Our Junk Mail Dilemma

Last week, the United States Postal Service went public and said that they need more junk mail.  As it stands now, 99% of the mail that we receive is junk mail.  Junk mail is one of the bane’s of our existence.  We can’t escape it!  We get an enormous amount of unwanted magazines, credit card offers, and Scientology related junk in our mailbox — approximately several dozen pounds per year and we can’t stop it.  So we end up shredding all of that junk before placing it on the curb for recycling.

Then we have another type of junk mail delivered to our address (pictured above).  This type of junk mail isn’t even addressed to us, yet to USPS simply continues to deliver it.  We happened to have saved this type of junk mail for the past nine months or so, and it amounted to approximately two pounds of mail.   The addressee on these labels consist of the following:

  1. Resident – 23
  2. Current Resident – 10
  3. New York Neighbor – 3
  4. Current Homeowner – 2
  5. To Our Neighbors At – 1
  6. Current Occupant – 1

Now that we’ve saved it all, we don’t want to shred it.  We are taking a stand!  Plus, we don’t want to break the law – opening USPS serviced mail when it is not addressed to you is a crime –and  since the USPS needs more junk mail, we’ve decided to cross off our address and write “RETURN TO SENDER/NO SUCH ADDRESSEE” and then place it back in the blue mailbox to be returned to sender.

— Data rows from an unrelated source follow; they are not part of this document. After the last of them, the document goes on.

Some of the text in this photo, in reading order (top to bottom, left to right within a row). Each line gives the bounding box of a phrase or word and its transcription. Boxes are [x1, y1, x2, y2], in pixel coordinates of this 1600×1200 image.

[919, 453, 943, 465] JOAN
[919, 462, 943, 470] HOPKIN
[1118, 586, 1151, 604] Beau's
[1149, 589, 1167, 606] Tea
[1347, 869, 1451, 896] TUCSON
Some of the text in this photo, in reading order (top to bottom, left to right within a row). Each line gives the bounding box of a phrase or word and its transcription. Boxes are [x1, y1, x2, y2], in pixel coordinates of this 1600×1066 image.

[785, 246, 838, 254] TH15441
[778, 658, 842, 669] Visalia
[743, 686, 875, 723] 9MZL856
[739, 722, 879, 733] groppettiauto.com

So USPS, we hope that you can find away to stay afloat without inconveniencing everyone living in the United States without constantly annoying and bombarding us with junk mail.  We also hope that you enjoy returning our unwanted junk mail, that was never addressed to us, and also look forward to see if any of it is redelivered to us.

We Saw Something And Said Something

We’ve been seeing the “if you see something, say something” campaign on the NYC subway for years and years now.  Up until Monday, we never once said something because we never really saw something that needed to be spoken of.

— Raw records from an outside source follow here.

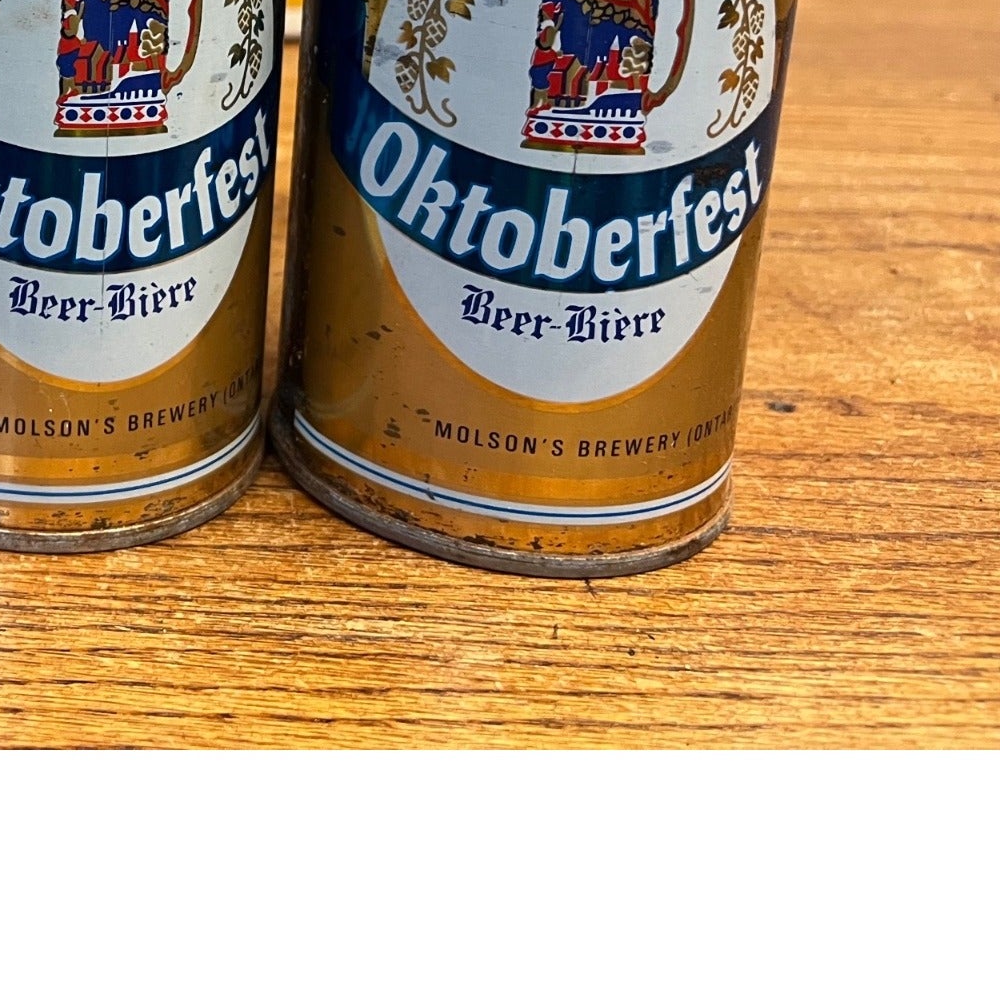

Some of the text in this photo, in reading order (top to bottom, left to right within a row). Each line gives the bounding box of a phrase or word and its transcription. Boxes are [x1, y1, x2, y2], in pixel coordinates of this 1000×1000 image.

[359, 120, 764, 283] Oktoberfest
[8, 275, 198, 323] Beer-Bière
[459, 284, 667, 344] Beer-Bière
[128, 390, 218, 433] BREWERY
[434, 418, 565, 458] MOLSON'S
[577, 430, 681, 458] BREWERY

It happened as we stepped off of an uptown R train at Rector Street in the early afternoon.  As we exited the first car, we noticed a woman on the platform walking towards us with a yellow plastic bag that appeared to have a bunch of glass jars in it.  As everyone else on the platform stepped onto the train, this lady went out of her way to place the bag of jars on the platform before she then ran onto the train.

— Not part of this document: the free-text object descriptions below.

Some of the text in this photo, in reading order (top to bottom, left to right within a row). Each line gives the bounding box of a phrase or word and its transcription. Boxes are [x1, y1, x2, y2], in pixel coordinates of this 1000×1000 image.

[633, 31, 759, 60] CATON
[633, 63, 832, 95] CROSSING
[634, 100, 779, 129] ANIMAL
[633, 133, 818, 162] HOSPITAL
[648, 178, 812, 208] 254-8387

Now this might seem like a simple case of a strange person deciding to leave garbage on a subway platform, but it was also offbeat in that she went out of her way to do so.  Why would she have brought a bag of glass bottles down to the subway and through the turnstile if it was garbage?  Wouldn’t one logically have left them just about anywhere else?  Like a garbage can at home?  A garbage can in the street?  Or simply on a curb?  And why would she risk almost missing the train to place the bag neatly on the platform with only a few seconds time before the train doors close?

So there it was, a yellow plastic bag with what looked to be glass in it on the subway platform.  If the bag was an IED, the glass would act to create shrapnel once the device explodes.

As we exited the turnstile, we went up to the token booth clerk and informed him of how there was a suspicious package on the platform due to a lady having gone out of her way to leave the bag full of glass on the platform before running onto the train.  He asked what the bag looked like, and then looked at us as if we were a crazy person who had escaped from Bellevue for having brought this to his attention.

Based off of our gut feeling about the conversation with that token booth clerk, he didn’t do a thing with, or about that suspicious yellow bag.  He likely went about his day as if we were merely another person who purchased a MetroCard.  And since we haven’t heard anything in the news about an IED being found or exploding at Rector Street, the bag was merely the garbage of a weird lady who brought a full bag of glass to the subway platform to dispose of it by way of the floor of a platform.

So the point of the matter is, the “if you see something, say something” campaign should have a tagline to it that says, “so that the person who you are informing can do absolutely nothing with the potentially lifesaving information that you are providing them.”